» **EXERCISE BRIEF**
Transcribe the listing exactly as written. Leave the images out.

[Start of section]

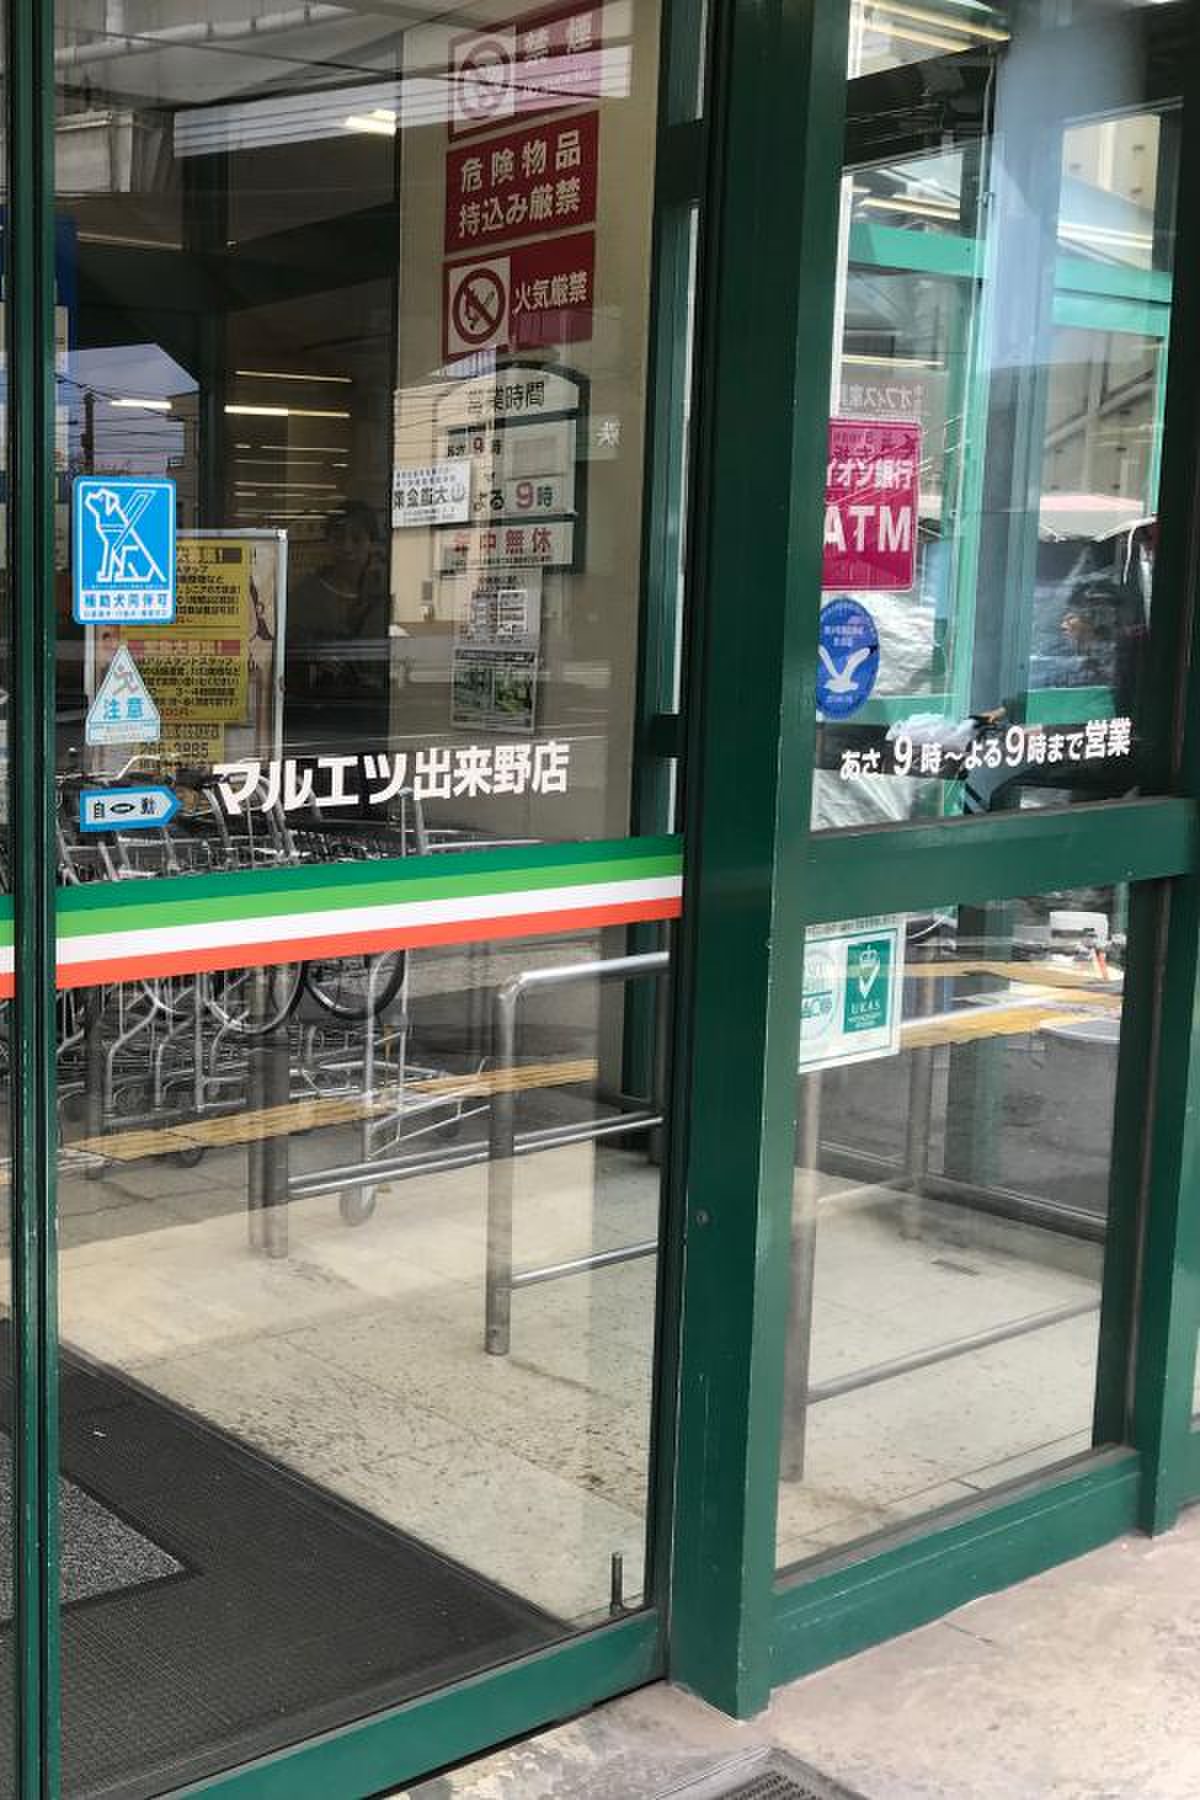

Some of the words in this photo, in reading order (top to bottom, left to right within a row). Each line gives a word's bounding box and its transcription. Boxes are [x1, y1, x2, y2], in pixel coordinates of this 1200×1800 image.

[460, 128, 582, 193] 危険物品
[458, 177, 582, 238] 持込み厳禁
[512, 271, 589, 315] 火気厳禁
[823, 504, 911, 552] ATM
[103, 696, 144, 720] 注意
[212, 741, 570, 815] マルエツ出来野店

[End of section]

» **WRITTEN SOLUTION**
Some of the words in this photo, in reading order (top to bottom, left to right within a row). Each line gives a word's bounding box and its transcription. Boxes are [x1, y1, x2, y2], in pixel coordinates of this 1200×1800 image.

[460, 128, 582, 193] 危険物品
[458, 177, 582, 238] 持込み厳禁
[512, 271, 589, 315] 火気厳禁
[823, 504, 911, 552] ATM
[103, 696, 144, 720] 注意
[212, 741, 570, 815] マルエツ出来野店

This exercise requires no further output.